What is a magazine for?

A magazine subscription is a dead-tree form of a subscription to a web aggregation feed using technology such as RSS or Atom. The purpose of a magazine was to give the reader what they wanted to read, and weed out things they either didn't want to read, or got from another magazine.

We do this much, much better in the twenty-first century. But almost no editors get it. A human editor is good at understanding the tastes of a limited scope of reader, the reader who is subscribed to a specific magazine. But computers can understand a million people in detail.

Many of us do not care enough about books to read the glut of quality fiction, so we ask magazine editors to narrow down the field for us to those that match our individual tastes. Instead, Mike Resnick tells us that as editor of Jim Baen's Universe he'll give us any fiction he thinks possesses generic goodness. In today's information overload, we wish for more specific literary filters in the torrent of work that has already passed through the "is it generically good?" filter.

Feeds, magazines, and other aggregator subscriptions exist to solve the problem that there are too many good books to read. Unfortunately, editors from the traditional, pre-web model are overwhelmed in the attempt to satisfy everyone, and so are telling us they don't want to filter any more narrowly than "good". This is because before the web, it was impossible to reach the Long Tail. To be financially sustainable, every issue had to satisfy a huge number of people.

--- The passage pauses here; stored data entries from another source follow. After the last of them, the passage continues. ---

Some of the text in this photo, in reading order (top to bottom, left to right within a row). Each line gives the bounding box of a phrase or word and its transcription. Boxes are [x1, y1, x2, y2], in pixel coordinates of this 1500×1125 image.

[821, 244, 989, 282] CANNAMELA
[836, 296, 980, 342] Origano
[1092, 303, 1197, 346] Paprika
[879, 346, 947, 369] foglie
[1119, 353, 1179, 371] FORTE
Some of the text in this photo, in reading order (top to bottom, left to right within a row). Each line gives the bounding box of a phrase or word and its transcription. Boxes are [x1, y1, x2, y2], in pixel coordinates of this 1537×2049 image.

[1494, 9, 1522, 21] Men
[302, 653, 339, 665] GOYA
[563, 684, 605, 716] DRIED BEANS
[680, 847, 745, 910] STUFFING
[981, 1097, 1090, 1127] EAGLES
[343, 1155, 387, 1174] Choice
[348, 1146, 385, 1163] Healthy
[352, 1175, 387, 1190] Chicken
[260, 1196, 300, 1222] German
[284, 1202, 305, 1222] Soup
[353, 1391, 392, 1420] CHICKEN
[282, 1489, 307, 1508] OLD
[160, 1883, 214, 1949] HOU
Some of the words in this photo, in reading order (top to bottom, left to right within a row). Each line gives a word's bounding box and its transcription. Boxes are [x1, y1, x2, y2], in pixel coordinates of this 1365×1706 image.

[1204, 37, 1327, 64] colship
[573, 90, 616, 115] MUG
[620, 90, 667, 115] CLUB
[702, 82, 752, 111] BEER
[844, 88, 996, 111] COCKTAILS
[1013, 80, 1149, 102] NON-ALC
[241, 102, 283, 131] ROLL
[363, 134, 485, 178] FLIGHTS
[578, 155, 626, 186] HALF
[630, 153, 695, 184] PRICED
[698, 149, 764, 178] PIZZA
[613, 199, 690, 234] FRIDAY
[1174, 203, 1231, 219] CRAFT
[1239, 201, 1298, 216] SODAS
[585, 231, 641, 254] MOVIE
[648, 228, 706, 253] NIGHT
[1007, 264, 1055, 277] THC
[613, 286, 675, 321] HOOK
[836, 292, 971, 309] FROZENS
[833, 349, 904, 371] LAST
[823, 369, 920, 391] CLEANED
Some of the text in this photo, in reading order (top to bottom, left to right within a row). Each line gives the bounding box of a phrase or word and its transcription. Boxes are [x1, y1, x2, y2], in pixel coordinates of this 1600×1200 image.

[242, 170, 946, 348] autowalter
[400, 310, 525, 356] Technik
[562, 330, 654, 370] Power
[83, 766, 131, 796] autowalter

"Good vs. bad" is far too broad a criteria given that different works of fiction provide different mental experiences for which we might have a hankering at various times. Examples include:

* Tear-jerking sentimentality.
* Romantic feelings.
* Intellectual stimulation about philosophy, business, politics, science, engineering, or other ideas.
* Laughter.
* Exciting action.
* Mythopoeia.
* Feelings of horror.
* A puzzle to be solved.

A murder and a detective are just a setting, but the puzzle is the reading experience you have in your head. Fantasy and science fiction are also just settings, and can provide any of those experiences, although there are good reasons that they tend to specialize. I think mental experiences make more useful categories than settings. When fans complain to Escape Pod that Mike Resnick's well-written tear-jerkers are "not Science Fiction", they are complaining wrong. They really were dissatisfied because they were expecting something else which is either on the above list, or belongs there and is missing due to my oversight. (Given that they named SF, good odds are that it's the intellectual one.) Hence Mr. Resnick hears them wrong and doesn't know what they want. People don't need one magazine full of detectives and murders, another full of outer space, and another full of swords and sorcery. Those are settings. Readers need a filter based on the mental experiences they find rewarding. How much does a work trigger fear, humor, tears, romance, intellectual stimulation, or let us work out whodunit? Those are happening in the reader's head independent of props like wands and rayguns.

What if we do for fiction what the Music Genome Project did for music? MGP culminated in Pandora.com, an internet music station with automatic DJ that customizes itself to your tastes and introduces you to music you might like. What if we identify hundreds of attributes of a reader's emotional experience and apply these tags to a large enough collection of samples? In the internet age, what if we can do better than just filtering the generically good from the bad?